At 10:46 p.m. Beijing time, 19 hours after the hack, Belt released a full report of the incident, as well as a promise to release a compensation plan within 48 hours.
According to the report, the loss was $50 million and the hackers made a profit of $6.23 million. 21.36% of funds were lost to BeltBUSD vault users and 5.51% of funds were lost to 4Belt mining pool users. Other pools/vaults were not affected. Currently, Belt has suspended withdrawals and deposits and patched attack vectors on 4Belt and BeltBUSD. Withdrawals and deposits of funds will resume within the next 24-48 hours.
Looking back on this incident, there are some issues that need to be clarified and some interesting phenomena that deserve attention. In addition, after the official liberalization of withdrawals, some potholes need to be avoided by investors in time.
The problem lies in the strategy rather than BSC
BSC’s chain of thunderstorms has led some people to question the BSC chain itself: is BSC okay or not?
My opinion is that the wind and water will turn to my house this year. In last year’s DeFi boom, the same hacking incidents occurred frequently on Ether. Even in February this year, YFI, once the king of DeFi, was not spared. Attackers used lightning loans to cause Yearn Finance to lose up to $10 million.
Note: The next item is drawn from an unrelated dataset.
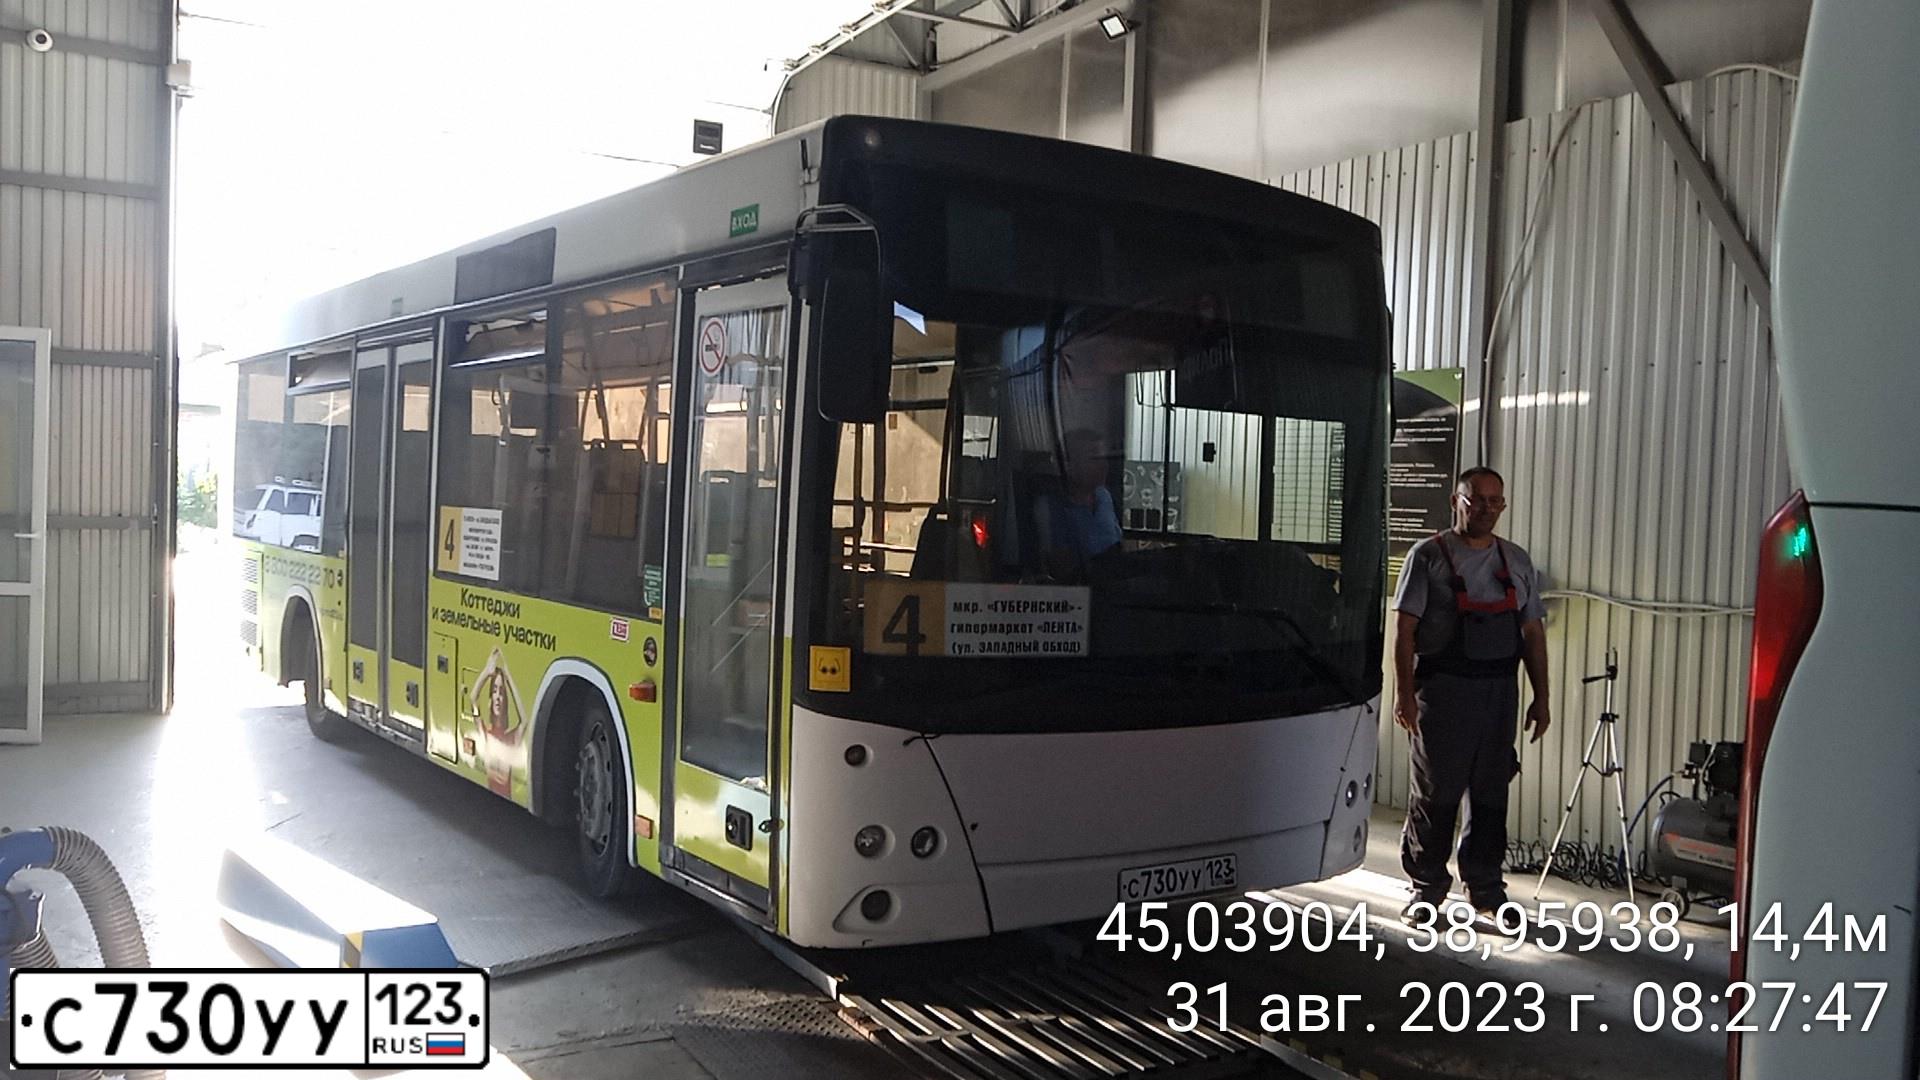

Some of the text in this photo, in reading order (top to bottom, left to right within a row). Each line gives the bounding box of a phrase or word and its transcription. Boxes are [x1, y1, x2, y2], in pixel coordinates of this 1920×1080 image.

Locked funds on BSC are second only to ethereum, so hackers naturally won’t let go. But it wasn’t until May of this year that hackers started to launch flash lending attacks on projects on BSC. For this reason, in our previous article, AmberGroup blockchain security expert Jiazhi Wu told Babbitt, “Before that, maybe the technical team didn’t try or didn’t quite know how to launch a flash credit on BSC, and with this experience, it’s much easier to launch a flash credit on BSC. “
In addition, as there was no cross-chain bridge on BSC before, the money could not escape the grasp of CoinSec, but later on, with anyswap and nerve providing decentralized cross-chain services, hackers could launder the money into ETH to escape from BSC, and CoinSec had no way to freeze it.
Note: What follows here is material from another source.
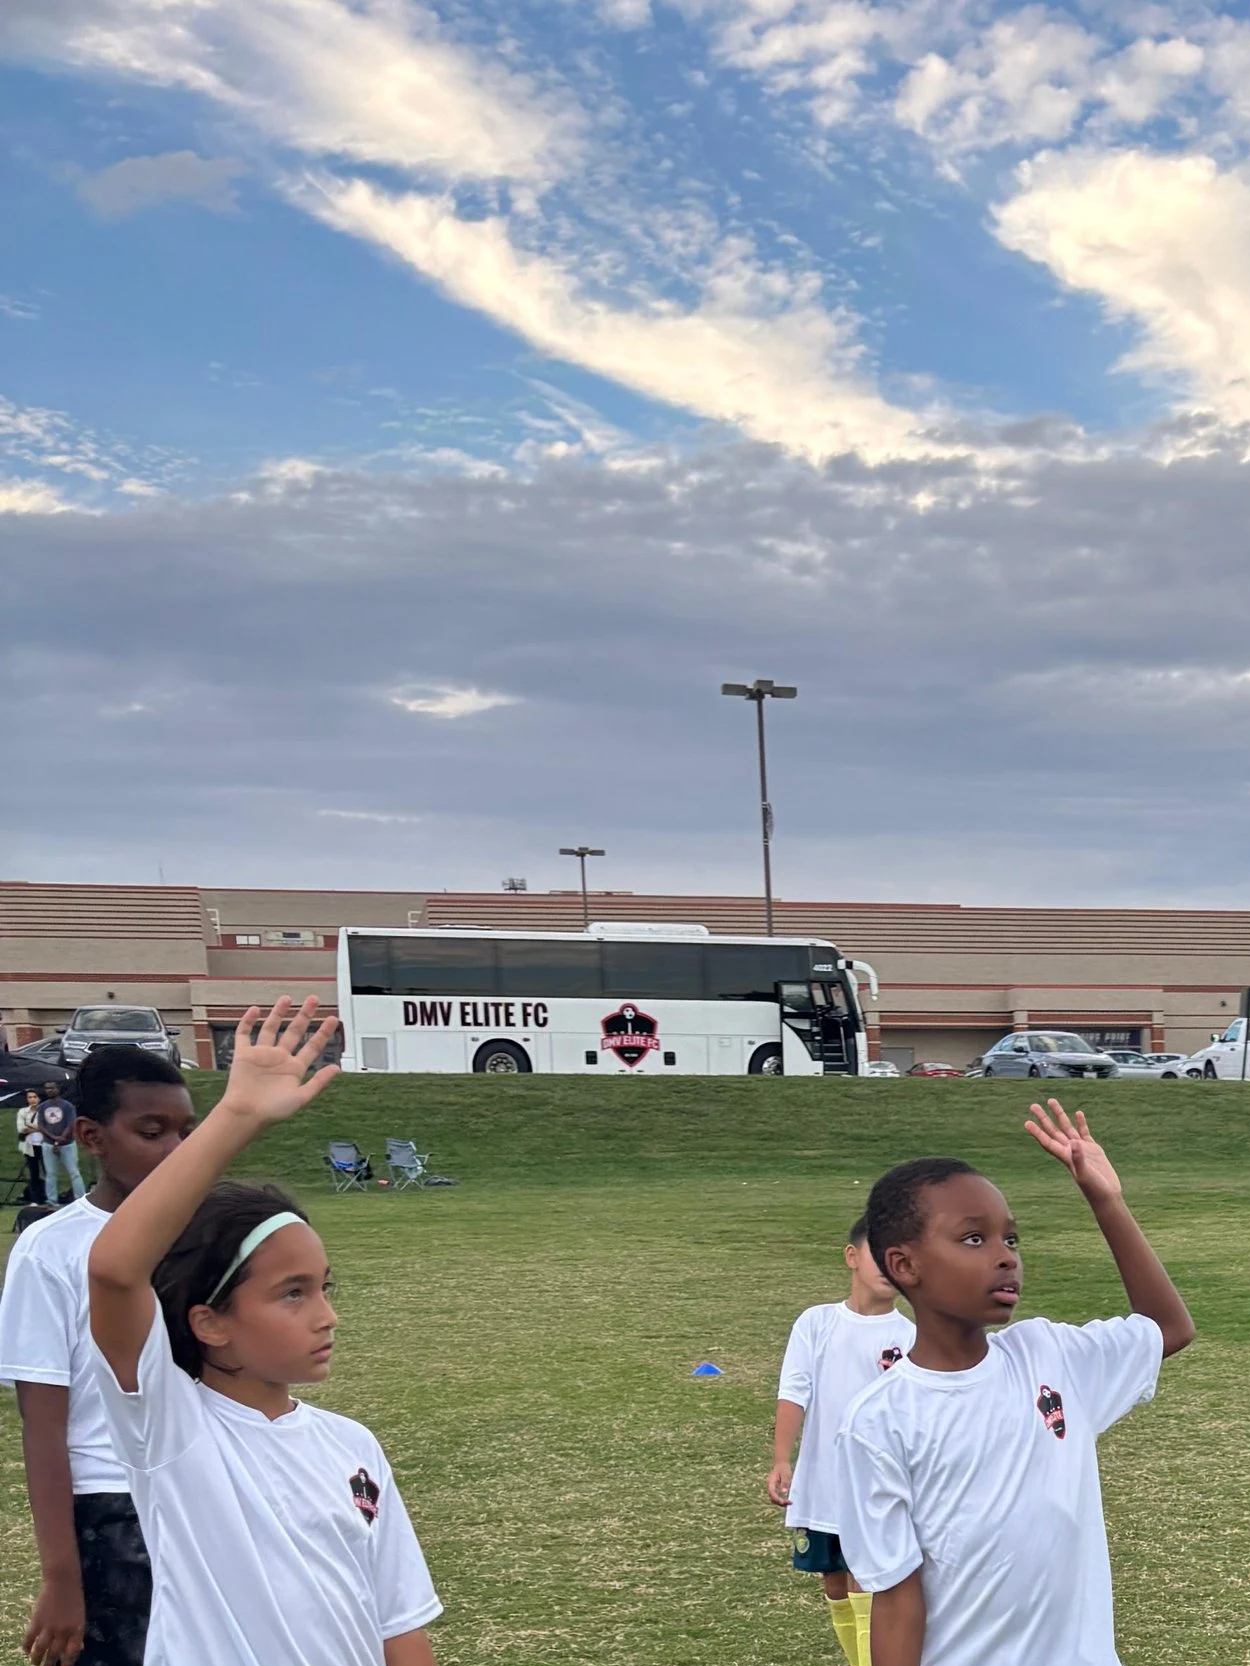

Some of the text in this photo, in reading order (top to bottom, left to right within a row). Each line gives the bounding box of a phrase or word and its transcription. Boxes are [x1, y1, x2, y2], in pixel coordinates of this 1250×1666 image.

[403, 1001, 548, 1028] DMV ELITE FC
[623, 1035, 647, 1046] ELITE
BSC’s recent frequent hacks have not even alerted a giant whale like SBF, which has placed funds on Belt, MDEX, pancakeswap, and Venus for seeding, with a total amount of around $800 million. Of that amount, $310 million is on Belt and happens to be in the 4Belt pool of funds. This means that SBF was not spared in this hack as well.
Ellipsis Laid Money
According to the official Ellipsis announcement, Belt invested its users’ money into Ellipsis, a strategy they named bEllipsisBUSD. hackers used Ellipsis’ 3Pool to convert BUSD-USDT-BUSD. The conversion volume was close to $18 billion. This generated almost $8 million in transaction fees for Ellipsis.
The spate of mines on BSC made some investors lose trust in most of the projects on it and go to invest in Coin backed projects, such as Venus.
In their view, even if something happens to Venus, there will be Coinan underwriting.
Precautions after releasing coin withdrawals
According to community users, it is expected that once Belt opens to withdraw coins, it will inevitably trigger the withdrawal of investors’ funds. Once everyone withdraws coins in a flurry it may cause a shortage of certain coins thus leading to excessive loss of swap slippage within the Belt pool. This means that users who withdraw their coins later may face slippage losses.
In order to avoid such losses, investors should withdraw coins in accordance with the pool ratios, rather than withdrawing a particular coin individually. As of press time, Belt’s locked position on BSC is $1.821 billion, of which $647 million is in 4Belt.
Posted by:CoinYuppie，Reprinted with attribution to:https://coinyuppie.com/belt-lightning-loan-attack-follow-up-total-losses-of-50-million-compensation-plan-released-within-48-hours/
Coinyuppie is an open information publishing platform, all information provided is not related to the views and positions of coinyuppie, and does not constitute any investment and financial advice. Users are expected to carefully screen and prevent risks.